Muchas veces verificamos que las campañas de prevención, producen efectos contrarios a los buscados. Esto a los analistas no puede sorprendernos, ya que sabemos que la tendencia a la transgresión está arraigada en la constitución misma del ser humano. Y los comunicadores sociales lo saben muy bien, de modo que es un factor que suelen tener muy en cuenta a la hora de diseñar mensajes de campañas orientadas a la prevención, sobre todo tratándose de adicciones.
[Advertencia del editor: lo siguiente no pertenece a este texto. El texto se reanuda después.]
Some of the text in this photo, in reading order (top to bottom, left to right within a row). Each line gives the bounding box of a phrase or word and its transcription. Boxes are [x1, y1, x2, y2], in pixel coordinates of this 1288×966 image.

Un adicto no es alguien que desconoce los efectos nocivos de la sustancia sobre su salud física y mental. En general tiene algún grado de conciencia de los daños que puede causarle el consumo. Quizá no posea la información pormenorizada, pero seguramente sí lo elemental como para comprender los perjuicios que se provoca. Sin embargo, persiste en conductas autodestructivas, y niega o pasa por alto las advertencias.

¿De dónde proviene esa perseverancia? La respuesta parece obvia: en la satisfacción inmediata que encuentra en el momento en que come un bocado más, enciende un cigarrillo, inhala una línea de cocaína, toma un excitante o un alucinógeno, con las enormes diferencias que comportan los distintos tipos de consumos.
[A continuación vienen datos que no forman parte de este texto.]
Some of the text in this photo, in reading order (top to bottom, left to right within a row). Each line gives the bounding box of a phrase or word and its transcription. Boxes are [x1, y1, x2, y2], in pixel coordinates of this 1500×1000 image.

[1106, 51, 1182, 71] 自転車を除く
La lucha contra la adicción al tabaco no queda fuera de estas difíciles condiciones. Y por supuesto que a lo estrictamente personal hay que sumarle la presión que ejercen los intereses económicos del sector. Sin embargo, y a pesar de todo esto, comprobamos que en los países donde el Estado ha tomado el tema a cargo suyo, se ha constatado una disminución del consumo de tabaco. Esto es visible en general en nuestra cultura, donde se desarrolló una conciencia antitabaco que permite que hoy, en lugares públicos, exista una normativa y haya consenso en cuanto a la prohibición de fumar.

¿Cómo afecta esto al fumador?
En nuestras consultas constatamos un aumento de la preocupación por dejar el cigarrillo, más en los adultos que en los jóvenes, para quienes aún está asociado con el ingreso al círculo de los mayores.
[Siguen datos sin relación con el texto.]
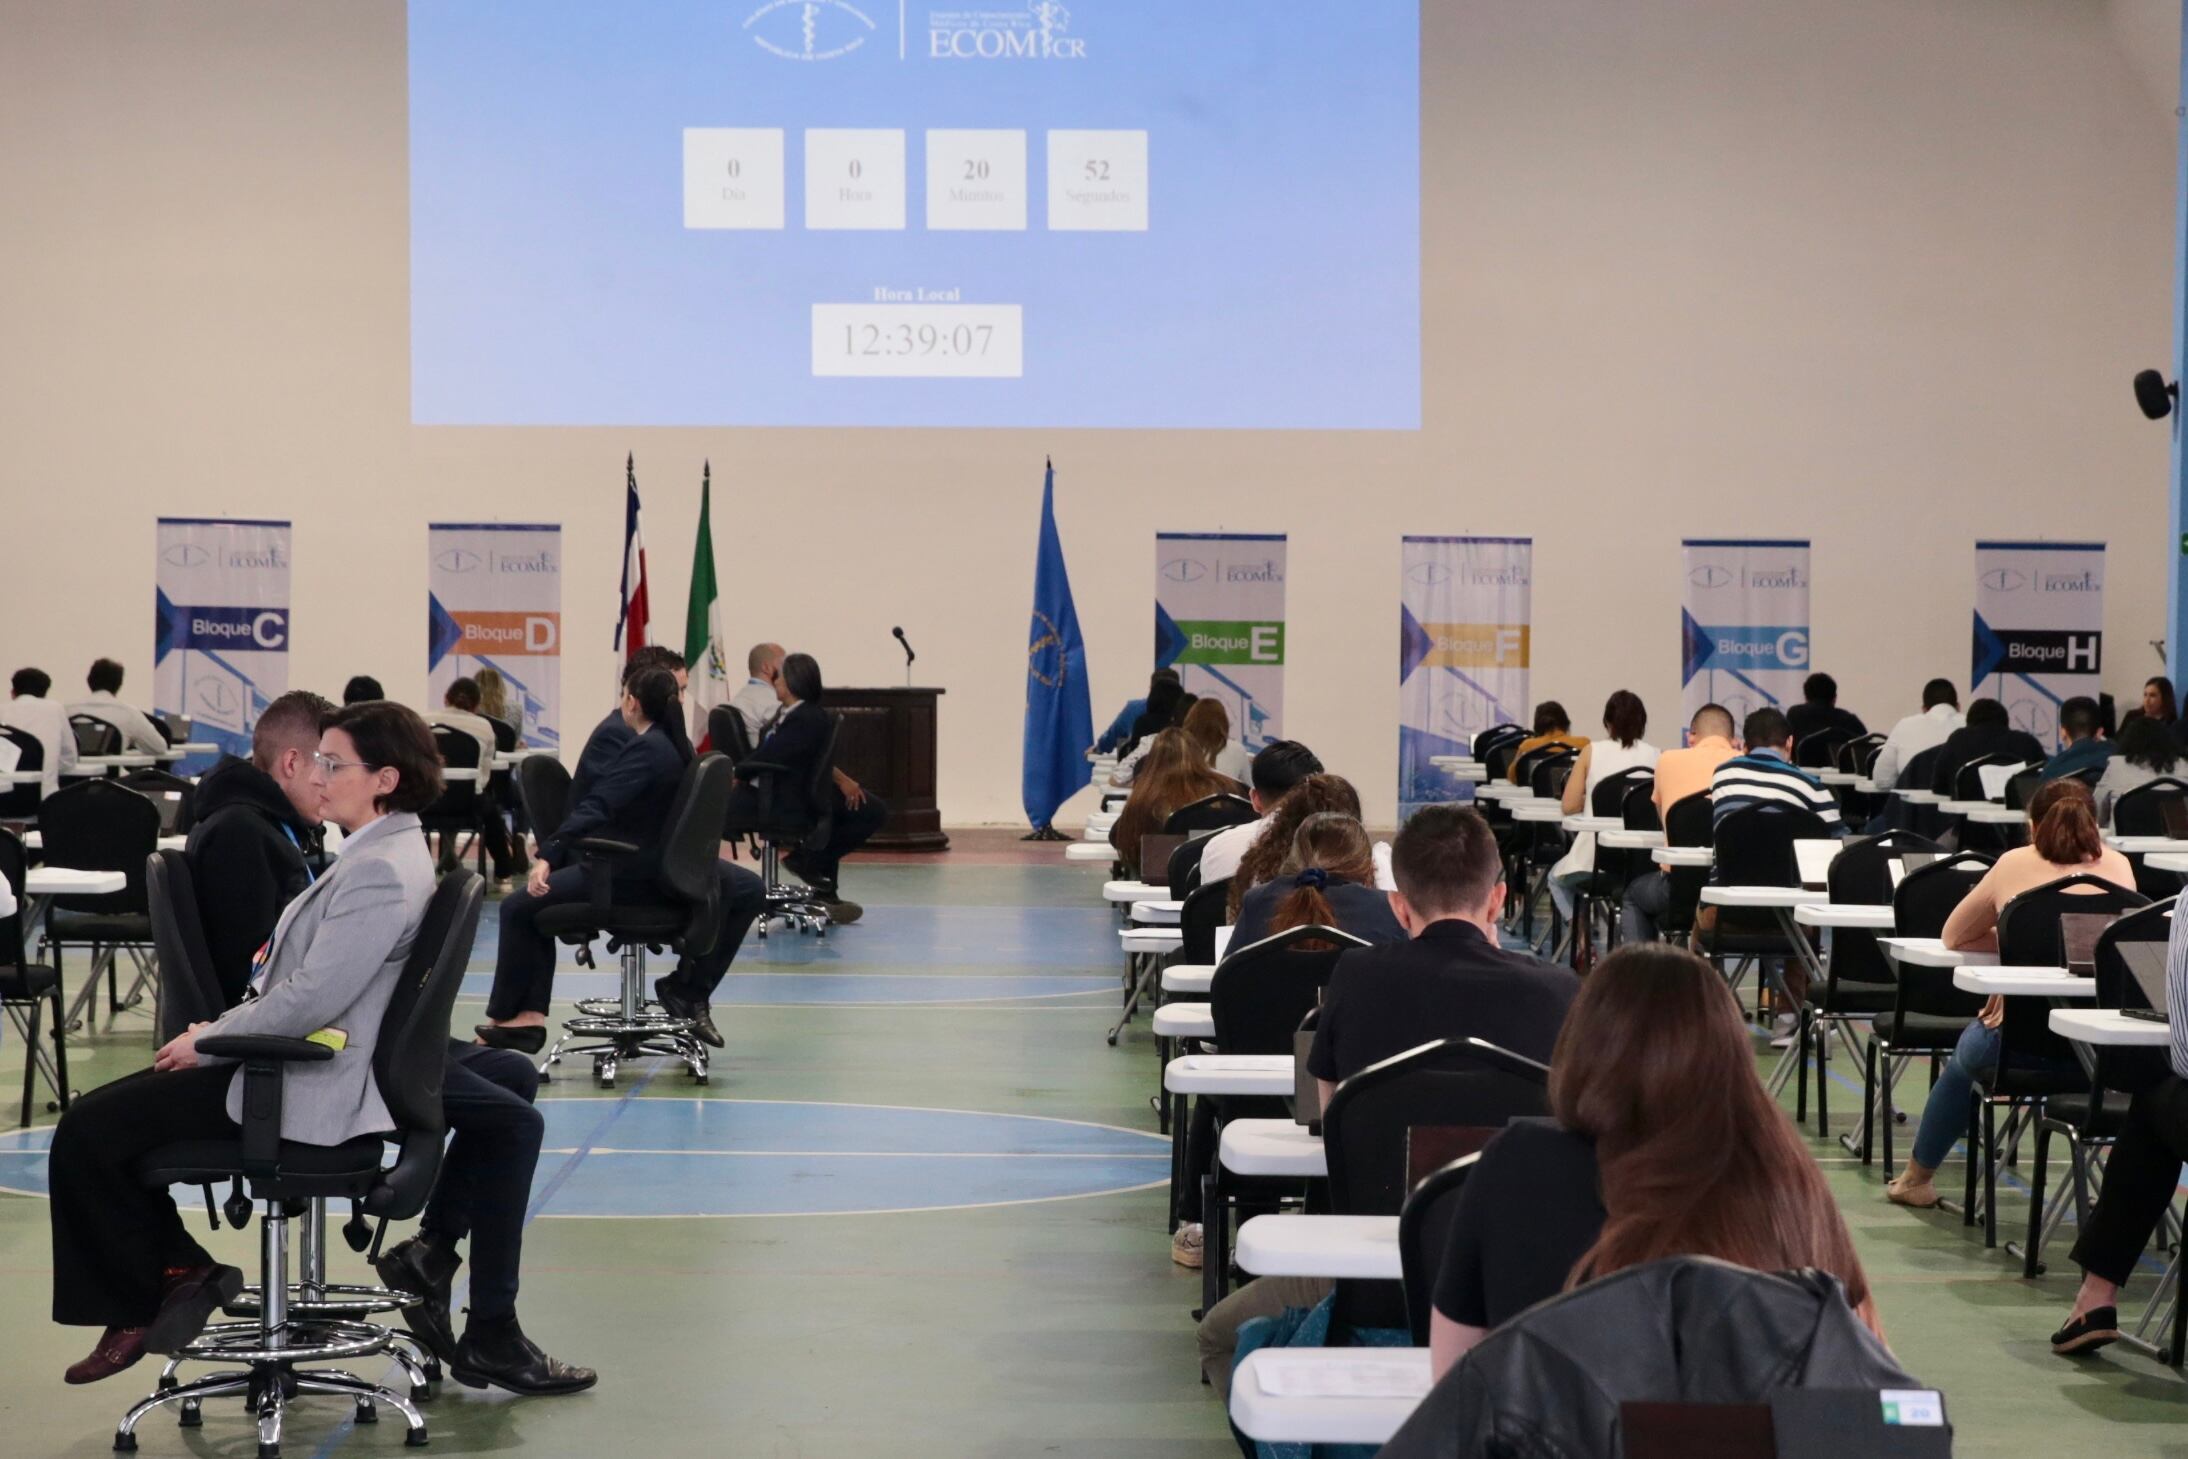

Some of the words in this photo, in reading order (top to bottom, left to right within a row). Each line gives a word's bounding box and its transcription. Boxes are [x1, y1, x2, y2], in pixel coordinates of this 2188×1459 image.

[727, 158, 741, 178] 0
[849, 158, 862, 179] 0
[963, 159, 990, 180] 20
[1084, 160, 1111, 181] 52
[874, 286, 913, 301] Hora
[918, 287, 960, 301] Local
[845, 322, 993, 356] 12:39:07
[192, 618, 252, 639] Bloque
[252, 612, 285, 648] C
[465, 623, 524, 644] Bloque
[525, 616, 556, 652] D
[1191, 632, 1249, 652] Bloque
[1251, 626, 1278, 661] E
[1437, 635, 1494, 655] Bloque
[1496, 630, 1521, 662] F
[1718, 638, 1775, 658] Bloque
[1776, 631, 1809, 666] G
[2008, 642, 2065, 661] Bloque
[2067, 635, 2097, 670] H
Advertidos de lo difícil que resulta ser consecuentes con la determinación de abandonarlo, el pedido de ayuda se relaciona con el desequilibrio que suscita la abstinencia: irritabilidad, inquietud. Aparece la necesidad de sustituirlo por otro calmante de la ansiedad oral, en general la comida, siendo común engordar unos kilos mientras dure el período de abstinencia.

Las recomendaciones habituales son reemplazarlo por actividad física, algún fármaco que provisoriamente ayude, un ejercicio manual cada vez que se encienda el deseo de fumar.

Pero si se trabaja en la terapia esta relación con el fumar, empiezan a surgir -si se presta la debida atención- las situaciones puntuales en las que se prendía un cigarrillo, y apreciamos los múltiples e inestimables servicios que prestaba: iniciar una conversación, encarar a alguien, distendernos, compartir un café, una sobremesa, “el cigarrillo de después”, pensar un tema, disponernos a escribir, conciliar el sueño, acompañarnos.

Cada cigarrillo no prendido deja al desnudo cierta carencia, alguna insatisfacción, un conflicto, que antes velaba el humo. Si el paciente logra ir prescindiendo de las pitadas, tendrá una oportunidad de aproximarse a conocer lo que se tragaba junto con la nicotina y el alquitrán.